Identification and Characterization of eccDNA in Hepatocellular Carcinoma during DNA damage

Extrachromosomal circular DNA (eccDNA) has been recognized as a key player in tumorigenesis and progression. However, the mechanisms that eccDNA transcriptional regulatory mechanism under DNA damage in cancer remain poorly characterized. Here, we observed a significant increase in eccDNA number, length, and chromosomal distribution density after DNA damage in hepatocellular carcinoma (HCC). RNAseq revealed that the expression of genes carried on eccDNA were positively correlated with eccDNA copy number under DNA damage. Further ATACseq profiling identified distinct chromatin characteristics at eccDNA breakpoint regions compared to other regions of eccDNA and linear genomic regions. Additionally, eccDNAs generated under DNA damage preferentially originated from linear genomic regions characterized by low GC content and hypomethylation.
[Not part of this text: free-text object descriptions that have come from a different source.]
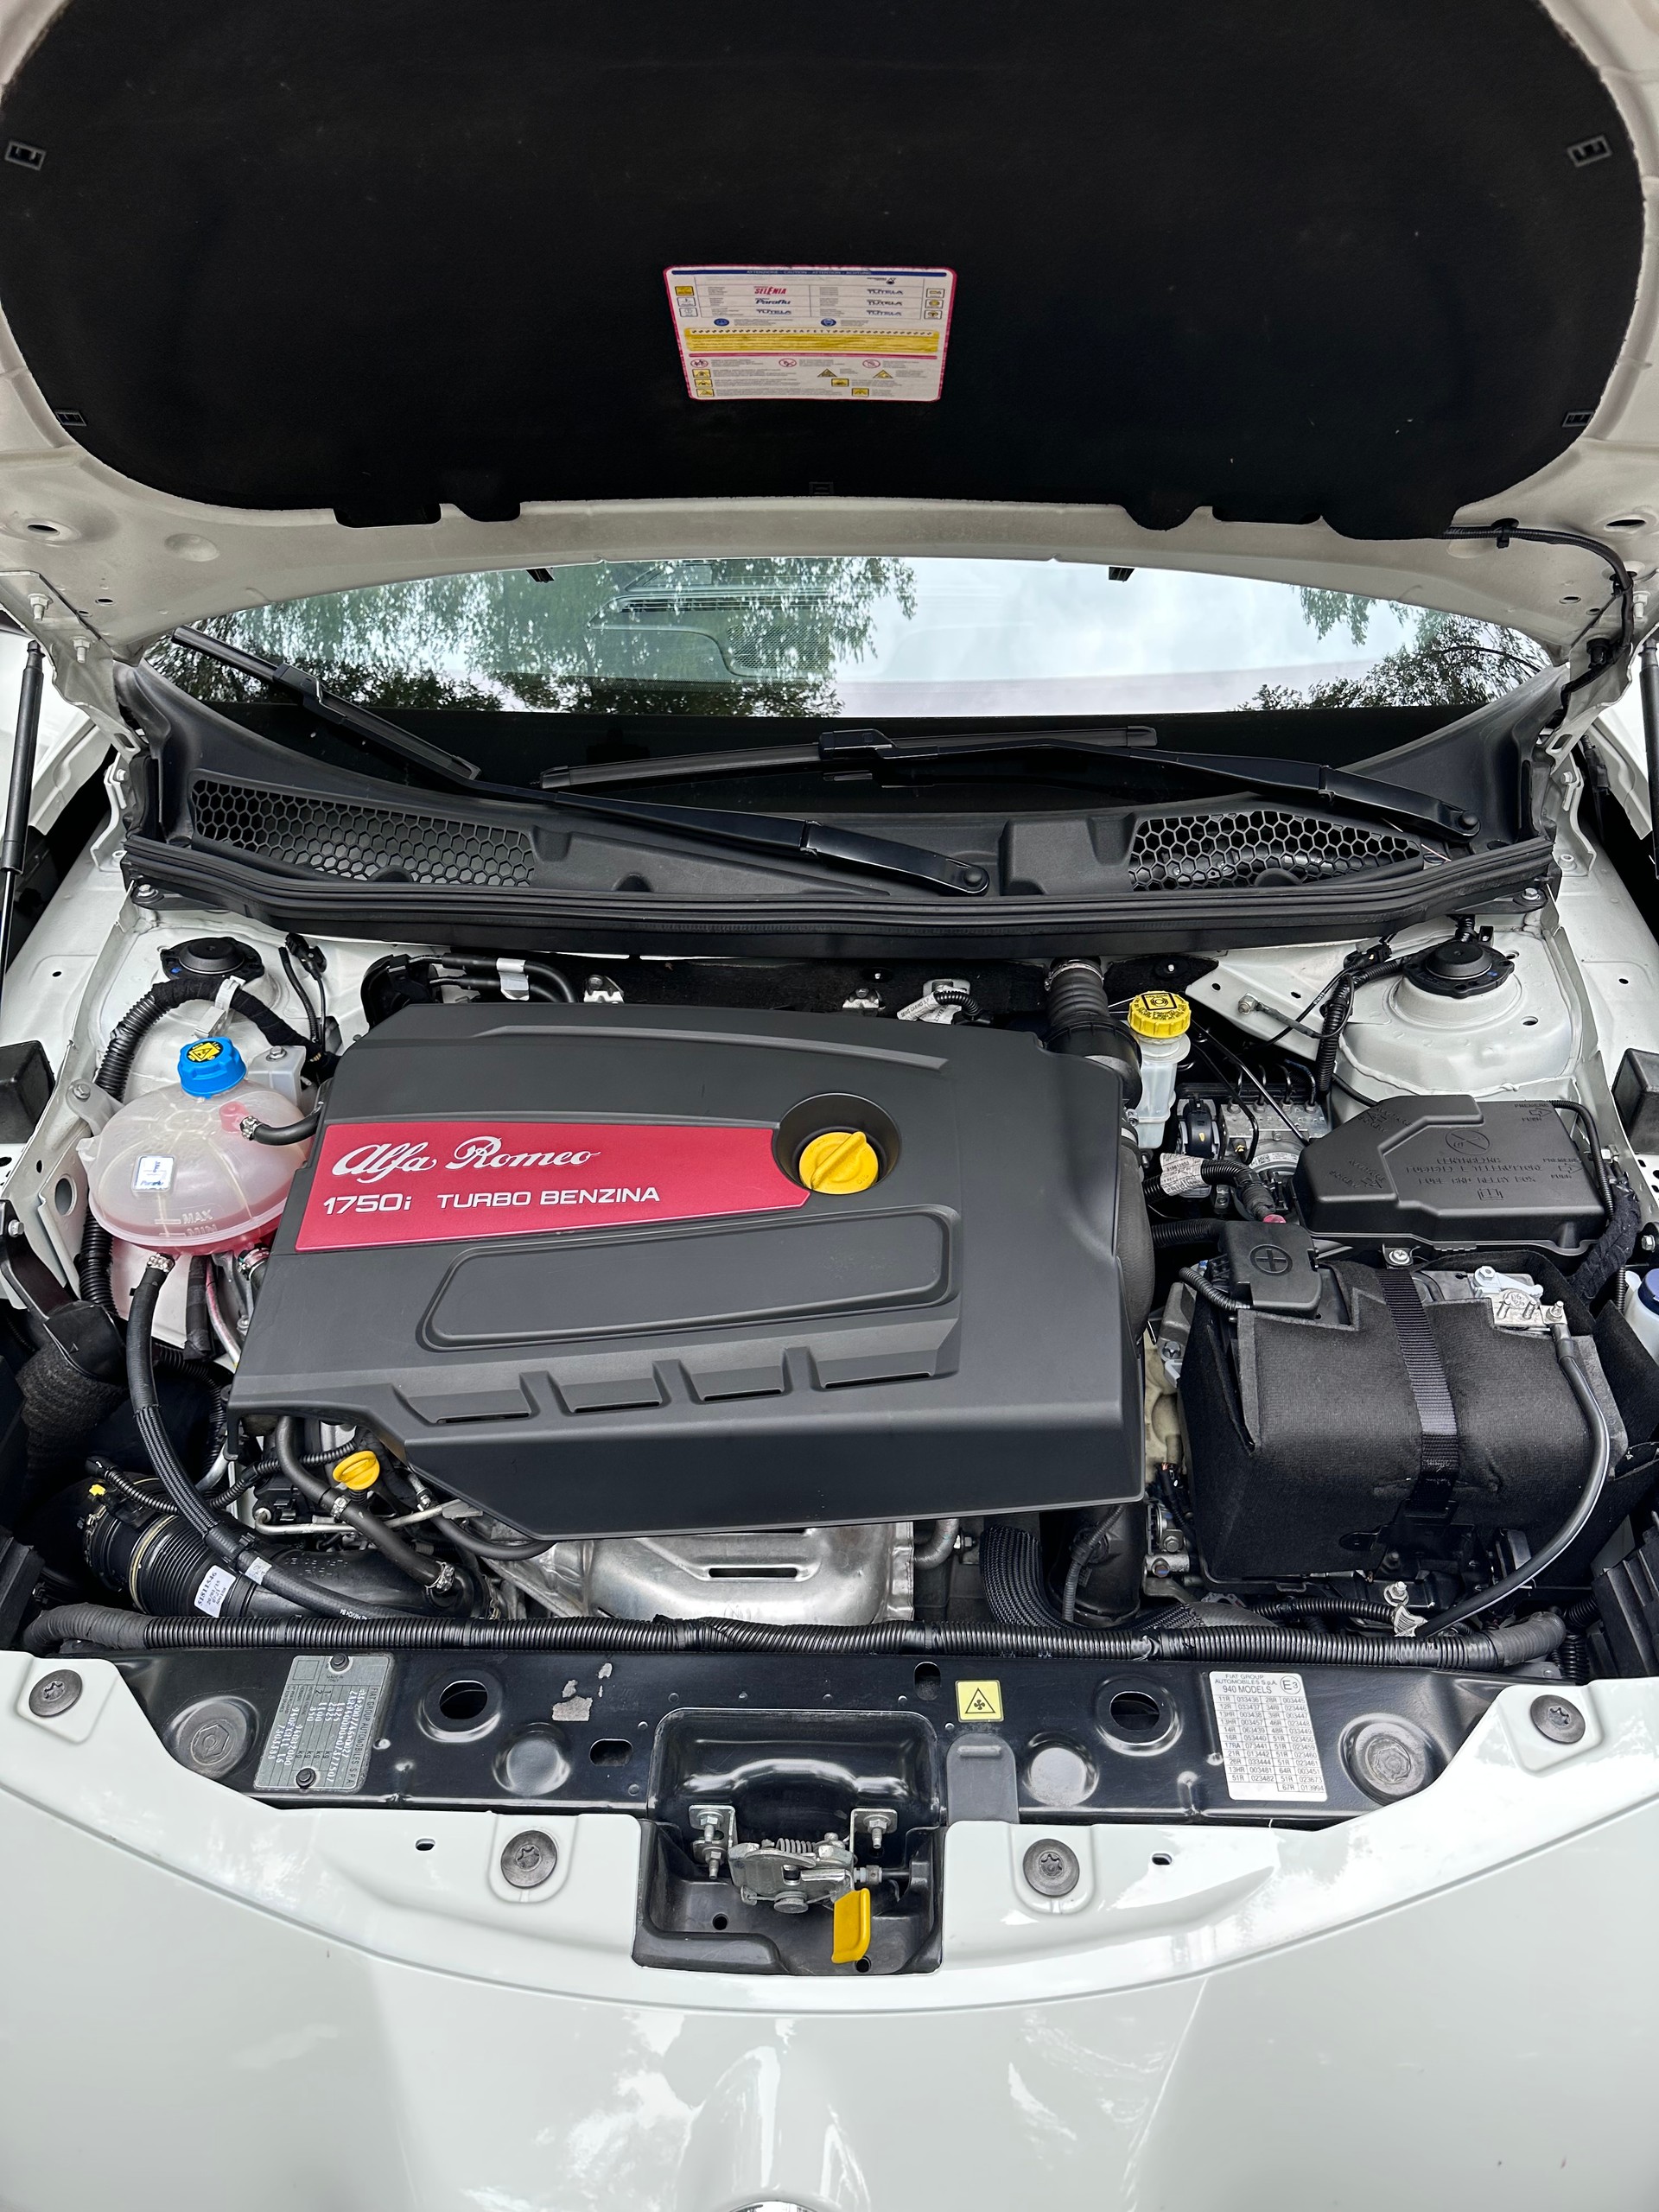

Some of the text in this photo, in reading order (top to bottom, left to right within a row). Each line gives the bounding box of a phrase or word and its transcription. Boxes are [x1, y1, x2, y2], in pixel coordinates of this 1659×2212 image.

[754, 286, 786, 295] SELENIA
[331, 1136, 602, 1184] Alfa Romeo
[323, 1186, 660, 1215] 1750i TURBO BENZINA
[182, 1210, 213, 1224] MAX
[187, 1224, 218, 1237] MIN
[369, 1688, 378, 1701] FIAT
[1238, 1686, 1272, 1694] MODELS
[363, 1702, 374, 1721] GROUP
[352, 1723, 369, 1764] AUTOMOBILES
Finally, by integrating HiC and H3K27ac ChIPseq, we uncovered that eccDNAs with mobile enhancer activity (ME eccDNAs) display significantly enhanced chromatin interactions and H3K27ac enrichment after DNA damage. Overall, our findings systematically elucidate the DNA damage driven mechanisms underlying eccDNA biogenesis, chromatin characteristics and transcriptional regulation in HCC.